(Stored items from a collection)
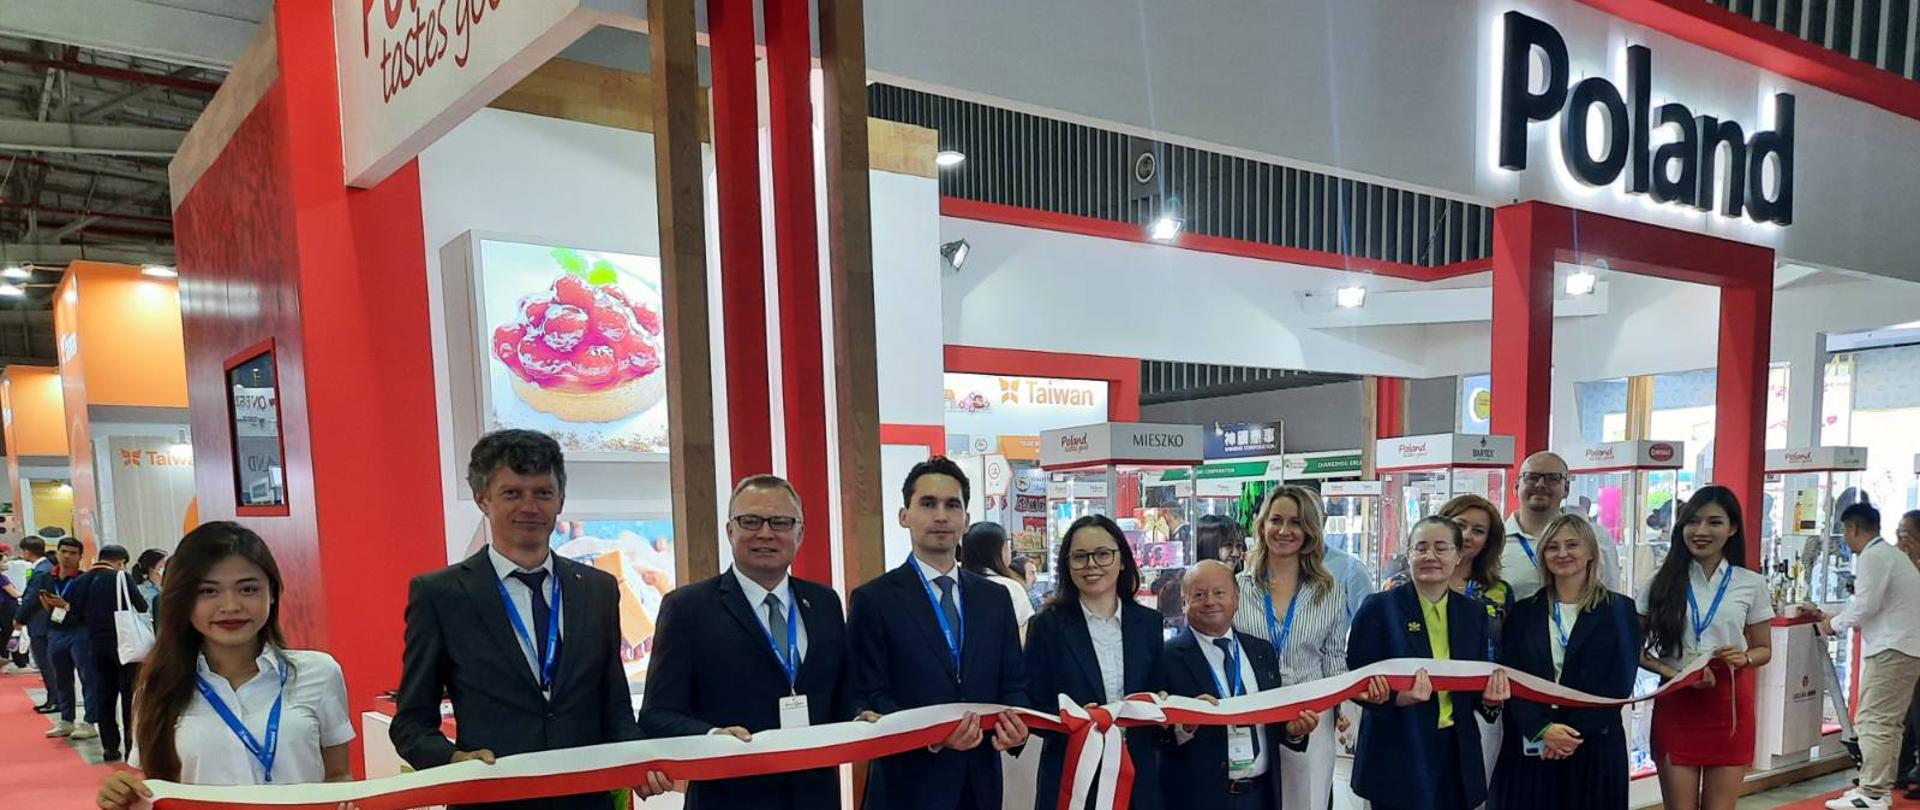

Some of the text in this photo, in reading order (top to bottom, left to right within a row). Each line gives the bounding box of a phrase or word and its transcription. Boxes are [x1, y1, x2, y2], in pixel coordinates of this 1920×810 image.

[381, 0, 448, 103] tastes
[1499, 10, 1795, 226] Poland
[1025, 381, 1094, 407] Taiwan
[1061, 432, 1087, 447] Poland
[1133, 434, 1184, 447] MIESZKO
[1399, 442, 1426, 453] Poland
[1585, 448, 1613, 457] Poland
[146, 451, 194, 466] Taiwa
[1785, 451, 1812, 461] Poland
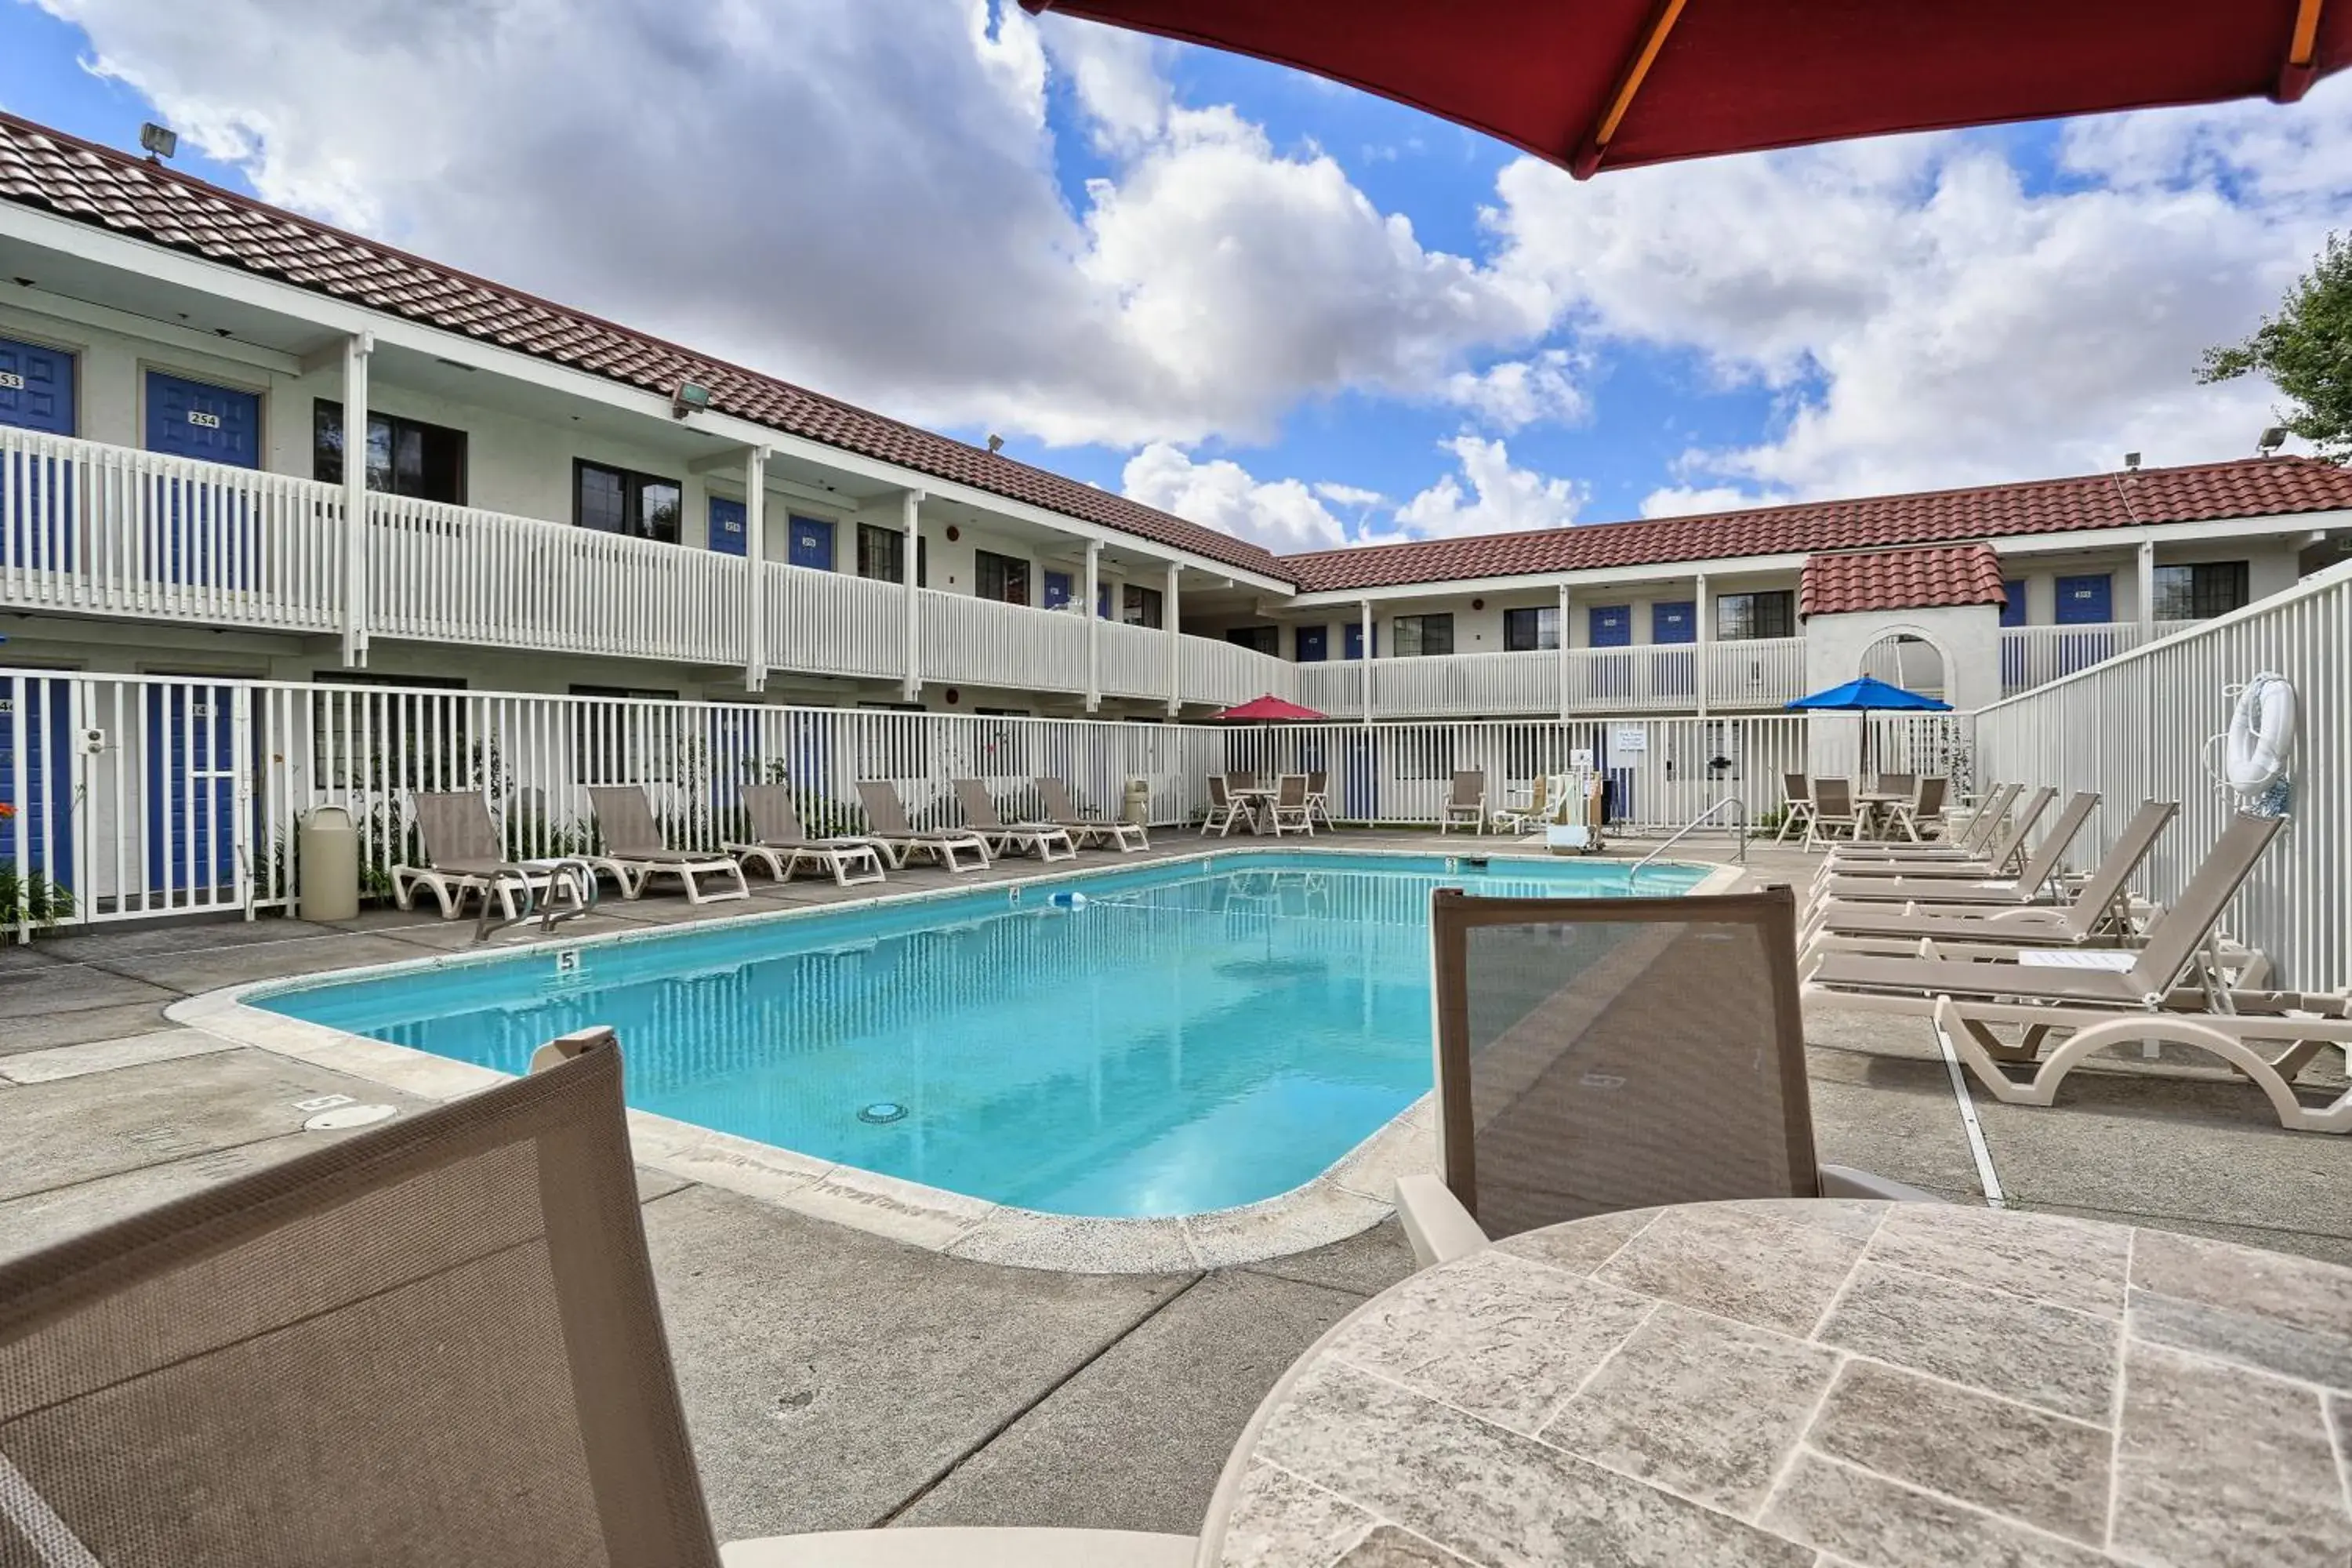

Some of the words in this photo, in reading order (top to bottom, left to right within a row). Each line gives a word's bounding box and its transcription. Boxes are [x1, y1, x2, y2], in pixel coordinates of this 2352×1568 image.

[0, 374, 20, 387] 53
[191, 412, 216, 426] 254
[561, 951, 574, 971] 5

Task to carry out: Each record above has to be written out again in full, but its pictures must not be.

Output:
Some of the text in this photo, in reading order (top to bottom, left to right within a row). Each line gives the bounding box of a phrase or word and its transcription. Boxes are [x1, y1, x2, y2], in pixel coordinates of this 1920×810 image.

[381, 0, 448, 103] tastes
[1499, 10, 1795, 226] Poland
[1025, 381, 1094, 407] Taiwan
[1061, 432, 1087, 447] Poland
[1133, 434, 1184, 447] MIESZKO
[1399, 442, 1426, 453] Poland
[1585, 448, 1613, 457] Poland
[146, 451, 194, 466] Taiwa
[1785, 451, 1812, 461] Poland

Some of the words in this photo, in reading order (top to bottom, left to right within a row). Each line gives a word's bounding box and its transcription. Boxes are [x1, y1, x2, y2], in pixel coordinates of this 2352×1568 image.

[0, 374, 20, 387] 53
[191, 412, 216, 426] 254
[561, 951, 574, 971] 5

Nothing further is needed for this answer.